- _What you need to do_:
Your task is to retype every entry exactly, omitting nothing.

- _Exercise data_:
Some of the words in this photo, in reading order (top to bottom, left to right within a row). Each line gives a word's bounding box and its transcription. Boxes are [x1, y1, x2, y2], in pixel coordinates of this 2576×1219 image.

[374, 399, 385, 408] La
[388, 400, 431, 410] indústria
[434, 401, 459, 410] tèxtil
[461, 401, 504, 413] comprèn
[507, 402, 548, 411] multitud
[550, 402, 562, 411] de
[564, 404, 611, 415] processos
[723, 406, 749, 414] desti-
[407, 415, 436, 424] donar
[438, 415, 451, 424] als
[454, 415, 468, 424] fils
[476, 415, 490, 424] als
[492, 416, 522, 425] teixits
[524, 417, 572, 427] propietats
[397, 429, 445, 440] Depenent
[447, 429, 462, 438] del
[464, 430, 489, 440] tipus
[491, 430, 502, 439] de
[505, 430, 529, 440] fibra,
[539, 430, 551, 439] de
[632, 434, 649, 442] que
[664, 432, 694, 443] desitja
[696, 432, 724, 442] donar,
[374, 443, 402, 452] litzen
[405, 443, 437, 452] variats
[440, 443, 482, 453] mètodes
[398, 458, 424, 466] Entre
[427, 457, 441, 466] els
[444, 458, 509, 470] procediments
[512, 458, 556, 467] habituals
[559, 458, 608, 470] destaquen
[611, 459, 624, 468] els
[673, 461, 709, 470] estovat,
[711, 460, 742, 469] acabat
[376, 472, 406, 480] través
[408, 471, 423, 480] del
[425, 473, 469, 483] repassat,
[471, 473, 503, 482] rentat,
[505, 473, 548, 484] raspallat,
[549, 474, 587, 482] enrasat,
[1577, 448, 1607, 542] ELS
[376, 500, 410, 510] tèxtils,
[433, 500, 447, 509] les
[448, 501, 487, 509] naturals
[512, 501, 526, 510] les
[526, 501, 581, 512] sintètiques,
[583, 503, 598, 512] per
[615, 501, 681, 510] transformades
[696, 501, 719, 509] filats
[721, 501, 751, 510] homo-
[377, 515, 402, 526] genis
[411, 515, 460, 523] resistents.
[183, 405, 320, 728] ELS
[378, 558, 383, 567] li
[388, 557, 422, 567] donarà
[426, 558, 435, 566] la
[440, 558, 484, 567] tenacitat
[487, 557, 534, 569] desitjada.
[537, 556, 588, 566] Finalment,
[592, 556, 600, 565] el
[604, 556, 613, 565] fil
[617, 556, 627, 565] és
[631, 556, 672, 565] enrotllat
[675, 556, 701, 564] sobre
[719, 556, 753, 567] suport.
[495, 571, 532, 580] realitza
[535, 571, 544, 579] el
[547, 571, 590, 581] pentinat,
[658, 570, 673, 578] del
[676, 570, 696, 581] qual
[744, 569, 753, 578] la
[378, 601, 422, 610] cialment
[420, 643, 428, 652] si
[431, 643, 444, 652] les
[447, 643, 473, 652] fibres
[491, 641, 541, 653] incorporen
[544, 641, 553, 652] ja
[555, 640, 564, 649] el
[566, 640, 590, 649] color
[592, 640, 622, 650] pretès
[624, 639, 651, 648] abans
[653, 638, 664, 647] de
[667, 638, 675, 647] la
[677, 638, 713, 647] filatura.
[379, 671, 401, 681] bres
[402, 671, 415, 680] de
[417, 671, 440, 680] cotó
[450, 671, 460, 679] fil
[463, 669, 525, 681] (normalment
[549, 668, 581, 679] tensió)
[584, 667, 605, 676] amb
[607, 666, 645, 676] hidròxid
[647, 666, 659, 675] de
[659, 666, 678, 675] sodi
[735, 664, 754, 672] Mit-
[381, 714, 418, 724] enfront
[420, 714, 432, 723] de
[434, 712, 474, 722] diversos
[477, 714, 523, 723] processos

- _Response_:
Some of the words in this photo, in reading order (top to bottom, left to right within a row). Each line gives a word's bounding box and its transcription. Boxes are [x1, y1, x2, y2], in pixel coordinates of this 2576×1219 image.

[374, 399, 385, 408] La
[388, 400, 431, 410] indústria
[434, 401, 459, 410] tèxtil
[461, 401, 504, 413] comprèn
[507, 402, 548, 411] multitud
[550, 402, 562, 411] de
[564, 404, 611, 415] processos
[723, 406, 749, 414] desti-
[407, 415, 436, 424] donar
[438, 415, 451, 424] als
[454, 415, 468, 424] fils
[476, 415, 490, 424] als
[492, 416, 522, 425] teixits
[524, 417, 572, 427] propietats
[397, 429, 445, 440] Depenent
[447, 429, 462, 438] del
[464, 430, 489, 440] tipus
[491, 430, 502, 439] de
[505, 430, 529, 440] fibra,
[539, 430, 551, 439] de
[632, 434, 649, 442] que
[664, 432, 694, 443] desitja
[696, 432, 724, 442] donar,
[374, 443, 402, 452] litzen
[405, 443, 437, 452] variats
[440, 443, 482, 453] mètodes
[398, 458, 424, 466] Entre
[427, 457, 441, 466] els
[444, 458, 509, 470] procediments
[512, 458, 556, 467] habituals
[559, 458, 608, 470] destaquen
[611, 459, 624, 468] els
[673, 461, 709, 470] estovat,
[711, 460, 742, 469] acabat
[376, 472, 406, 480] través
[408, 471, 423, 480] del
[425, 473, 469, 483] repassat,
[471, 473, 503, 482] rentat,
[505, 473, 548, 484] raspallat,
[549, 474, 587, 482] enrasat,
[1577, 448, 1607, 542] ELS
[376, 500, 410, 510] tèxtils,
[433, 500, 447, 509] les
[448, 501, 487, 509] naturals
[512, 501, 526, 510] les
[526, 501, 581, 512] sintètiques,
[583, 503, 598, 512] per
[615, 501, 681, 510] transformades
[696, 501, 719, 509] filats
[721, 501, 751, 510] homo-
[377, 515, 402, 526] genis
[411, 515, 460, 523] resistents.
[183, 405, 320, 728] ELS
[378, 558, 383, 567] li
[388, 557, 422, 567] donarà
[426, 558, 435, 566] la
[440, 558, 484, 567] tenacitat
[487, 557, 534, 569] desitjada.
[537, 556, 588, 566] Finalment,
[592, 556, 600, 565] el
[604, 556, 613, 565] fil
[617, 556, 627, 565] és
[631, 556, 672, 565] enrotllat
[675, 556, 701, 564] sobre
[719, 556, 753, 567] suport.
[495, 571, 532, 580] realitza
[535, 571, 544, 579] el
[547, 571, 590, 581] pentinat,
[658, 570, 673, 578] del
[676, 570, 696, 581] qual
[744, 569, 753, 578] la
[378, 601, 422, 610] cialment
[420, 643, 428, 652] si
[431, 643, 444, 652] les
[447, 643, 473, 652] fibres
[491, 641, 541, 653] incorporen
[544, 641, 553, 652] ja
[555, 640, 564, 649] el
[566, 640, 590, 649] color
[592, 640, 622, 650] pretès
[624, 639, 651, 648] abans
[653, 638, 664, 647] de
[667, 638, 675, 647] la
[677, 638, 713, 647] filatura.
[379, 671, 401, 681] bres
[402, 671, 415, 680] de
[417, 671, 440, 680] cotó
[450, 671, 460, 679] fil
[463, 669, 525, 681] (normalment
[549, 668, 581, 679] tensió)
[584, 667, 605, 676] amb
[607, 666, 645, 676] hidròxid
[647, 666, 659, 675] de
[659, 666, 678, 675] sodi
[735, 664, 754, 672] Mit-
[381, 714, 418, 724] enfront
[420, 714, 432, 723] de
[434, 712, 474, 722] diversos
[477, 714, 523, 723] processos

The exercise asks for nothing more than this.